Once water starts streaming through crevasses in the glacier to the bedrock, it also begins to lubricate the glacier along its bottom. This eventually creates a warm pool beneath the glacier, which may cause the glacier to slide, ever-so-slowly, down the mountain to lower elevations where temperatures are warmer.

Such was the case with this glacier, the researchers learned when they first drilled in 2010. The cores they brought to the surface showed meltwater at the base of the glacier as well as at the top.

That melt can affect the information scientists are able to learn from the cores, which normally provide year-by-year data records of the climate around the glacier. As the glacier melts, those year-by-year records can become blurred. In this case, however, the cores still showed evidence of El Niño events throughout the ice cores’ history. Because so much of the glacier has melted, the cores hold data for only the last 50 years, despite the fact that these glaciers have likely occupied these mountaintops for the last 5,000 or so years.

The glacier’s disappearance is a cultural loss, too, Thompson said: The indigenous people who live around the mountain worship it.

“The ridges and the valleys are the arms and legs of their god, and the glacier is the head,” he said.

When the team drilled in 2010, some of the elders of the indigenous communities protested: “In their words, they thought we were ‘drilling into the skull of their god to steal the god’s memories,’” Thompson said. “I told them that was exactly what we were doing. We needed to preserve those memories because the glacier was going to melt.”

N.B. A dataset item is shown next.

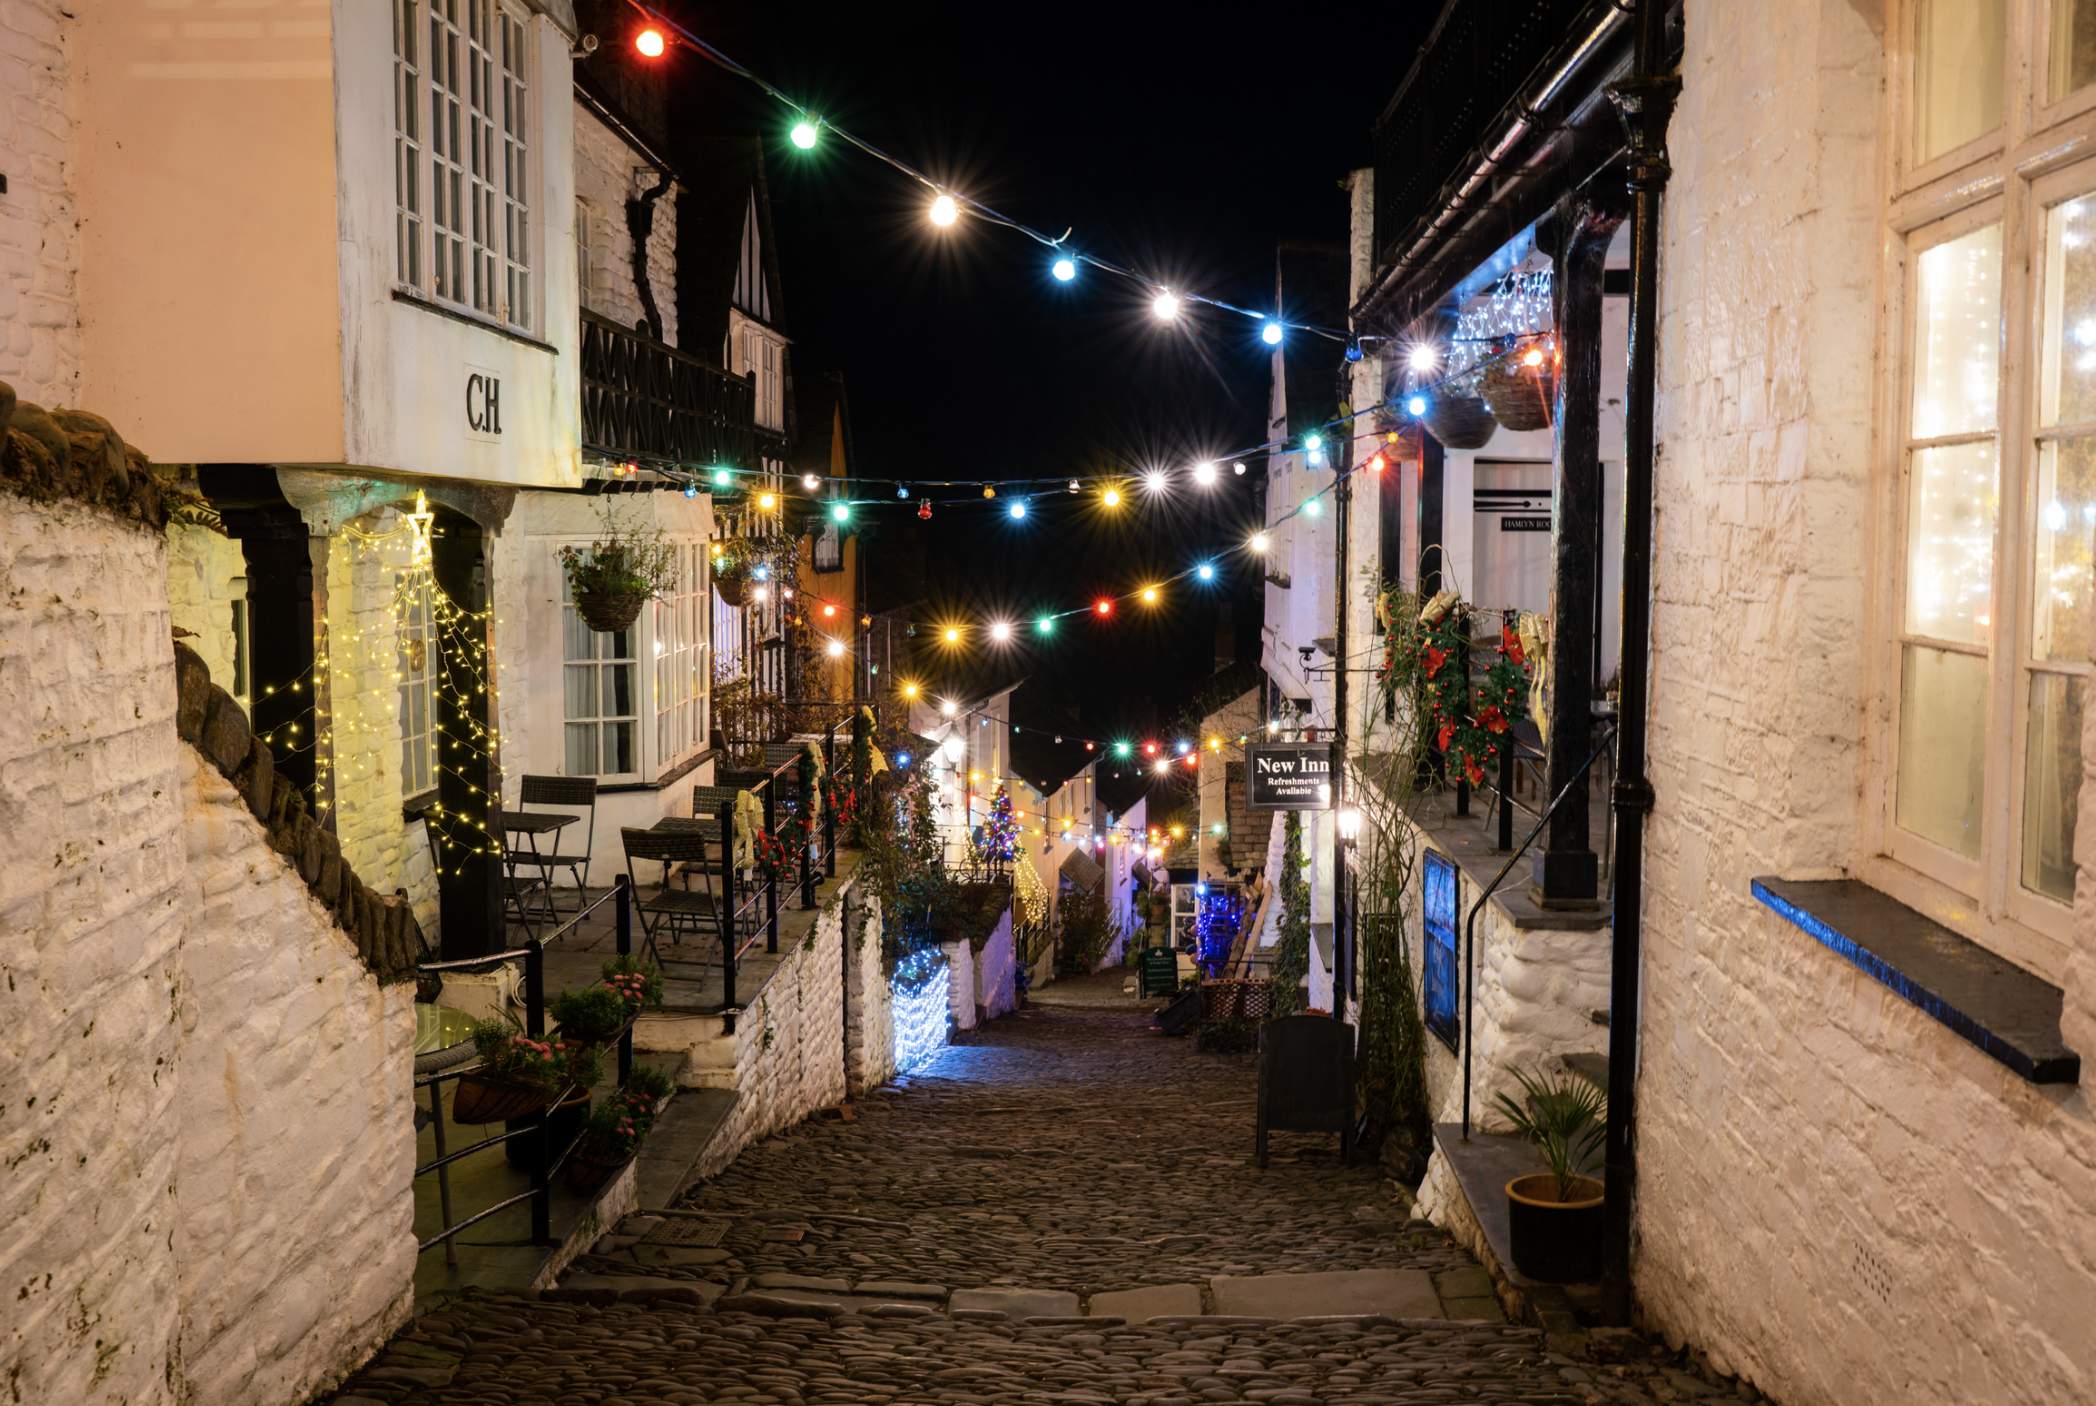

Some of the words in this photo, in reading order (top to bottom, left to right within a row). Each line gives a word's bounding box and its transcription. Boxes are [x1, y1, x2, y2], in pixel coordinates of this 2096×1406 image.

That started a debate throughout the indigenous community, weighing whether the team should be allowed to continue its research mission to learn the history contained within the ice, or was it more important that the glacier remain undisturbed? Thompson said the elders of the community were strongly in favor of kicking the research team out while the younger people, he said, wanted the mission to continue. In this case, the younger people won.

“It was the young people who were saying, ‘Have you not seen what’s happening?’” Thompson said.

Other Ohio State researchers on this study are Ellen Mosley-Thompson, Mary E. Davis, Ping-Nan Lin, Julien P. Nicolas, John F. Bolzan, Paolo Gabrielli, Victor Zagorodnov, and Bryan G. Mark. This work was funded in part by the National Science Foundation.